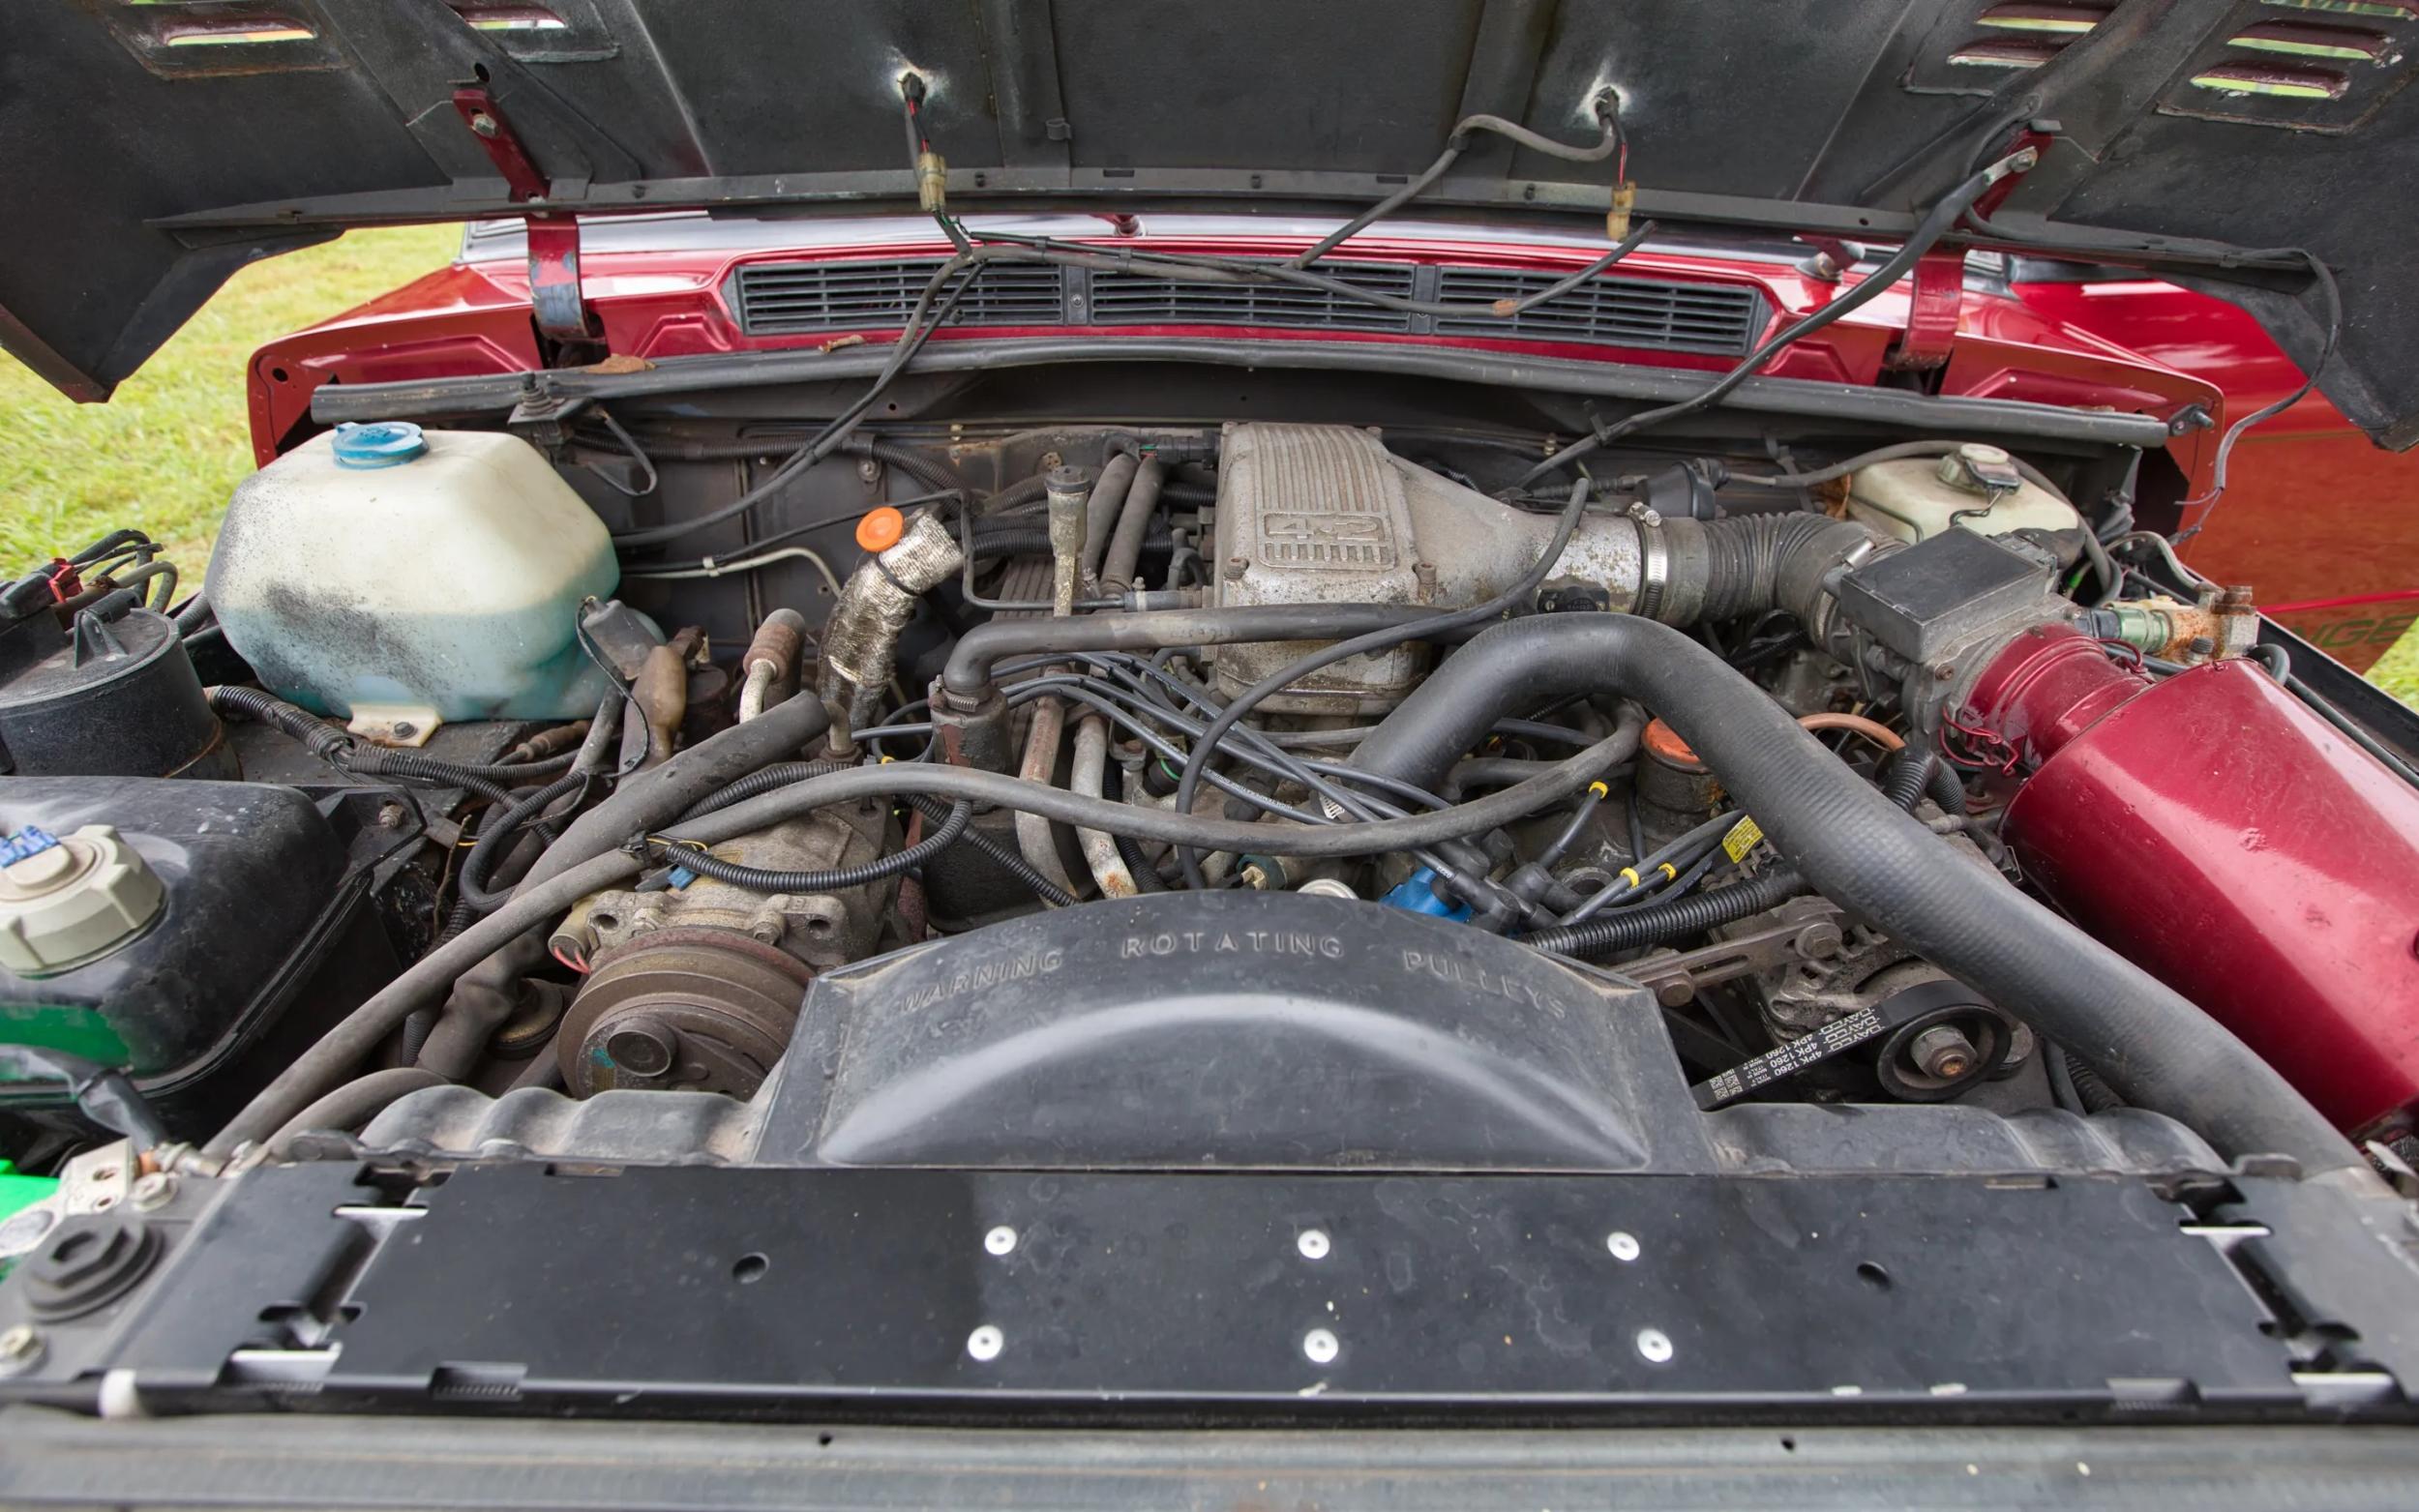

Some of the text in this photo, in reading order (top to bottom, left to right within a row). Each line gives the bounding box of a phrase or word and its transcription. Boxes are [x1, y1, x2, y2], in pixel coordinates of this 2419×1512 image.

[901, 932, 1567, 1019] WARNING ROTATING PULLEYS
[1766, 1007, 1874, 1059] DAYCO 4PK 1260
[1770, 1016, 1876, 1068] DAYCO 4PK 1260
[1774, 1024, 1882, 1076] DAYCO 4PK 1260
---------------
Copy out the records exactly; the pictures stay behind.

Some of the text in this photo, in reading order (top to bottom, left to right within a row). Each line gives the bounding box of a phrase or word and its transcription. Boxes are [x1, y1, x2, y2], in pixel coordinates of this 2419×1512 image.

[901, 932, 1567, 1019] WARNING ROTATING PULLEYS
[1766, 1007, 1874, 1059] DAYCO 4PK 1260
[1770, 1016, 1876, 1068] DAYCO 4PK 1260
[1774, 1024, 1882, 1076] DAYCO 4PK 1260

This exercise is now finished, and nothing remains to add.